Work to complete: Repeat exactly the lines from the line containing "this 1334×1334 image." through the last line of the records below, inclusive, and nothing else.

Provided data:
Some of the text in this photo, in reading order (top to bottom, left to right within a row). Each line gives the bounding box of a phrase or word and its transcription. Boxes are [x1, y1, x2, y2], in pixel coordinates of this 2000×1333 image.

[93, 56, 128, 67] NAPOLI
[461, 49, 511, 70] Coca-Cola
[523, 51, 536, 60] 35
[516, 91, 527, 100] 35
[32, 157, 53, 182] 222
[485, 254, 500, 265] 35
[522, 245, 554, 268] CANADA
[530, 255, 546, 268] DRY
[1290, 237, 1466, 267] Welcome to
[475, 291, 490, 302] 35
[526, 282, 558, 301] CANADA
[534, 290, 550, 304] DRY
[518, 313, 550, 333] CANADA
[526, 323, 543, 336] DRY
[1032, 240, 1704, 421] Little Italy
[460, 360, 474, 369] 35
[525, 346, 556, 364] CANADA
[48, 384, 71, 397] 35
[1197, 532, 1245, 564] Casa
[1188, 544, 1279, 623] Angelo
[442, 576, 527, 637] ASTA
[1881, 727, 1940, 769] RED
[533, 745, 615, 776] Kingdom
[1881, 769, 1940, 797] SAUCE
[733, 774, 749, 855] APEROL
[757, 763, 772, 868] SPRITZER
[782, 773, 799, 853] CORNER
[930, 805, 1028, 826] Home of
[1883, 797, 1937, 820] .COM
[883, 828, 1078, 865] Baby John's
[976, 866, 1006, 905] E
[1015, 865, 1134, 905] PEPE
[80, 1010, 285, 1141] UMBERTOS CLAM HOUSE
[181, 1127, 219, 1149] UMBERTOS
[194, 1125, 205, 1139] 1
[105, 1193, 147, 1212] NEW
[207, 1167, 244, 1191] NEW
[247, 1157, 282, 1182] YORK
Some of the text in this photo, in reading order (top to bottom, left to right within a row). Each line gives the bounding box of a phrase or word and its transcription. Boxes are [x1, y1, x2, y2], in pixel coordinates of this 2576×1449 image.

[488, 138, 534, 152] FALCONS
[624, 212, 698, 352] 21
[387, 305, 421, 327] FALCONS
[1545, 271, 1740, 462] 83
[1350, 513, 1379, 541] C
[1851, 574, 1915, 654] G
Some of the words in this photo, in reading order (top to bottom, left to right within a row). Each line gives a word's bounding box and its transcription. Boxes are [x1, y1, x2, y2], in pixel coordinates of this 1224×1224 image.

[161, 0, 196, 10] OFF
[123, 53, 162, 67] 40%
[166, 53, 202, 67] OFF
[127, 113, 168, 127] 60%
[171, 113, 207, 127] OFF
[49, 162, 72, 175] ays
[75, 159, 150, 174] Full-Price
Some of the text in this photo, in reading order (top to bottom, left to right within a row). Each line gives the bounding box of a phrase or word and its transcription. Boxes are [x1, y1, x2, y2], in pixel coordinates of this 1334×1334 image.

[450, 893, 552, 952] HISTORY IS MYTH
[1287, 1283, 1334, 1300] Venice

Response to this task:
Some of the text in this photo, in reading order (top to bottom, left to right within a row). Each line gives the bounding box of a phrase or word and its transcription. Boxes are [x1, y1, x2, y2], in pixel coordinates of this 1334×1334 image.

[450, 893, 552, 952] HISTORY IS MYTH
[1287, 1283, 1334, 1300] Venice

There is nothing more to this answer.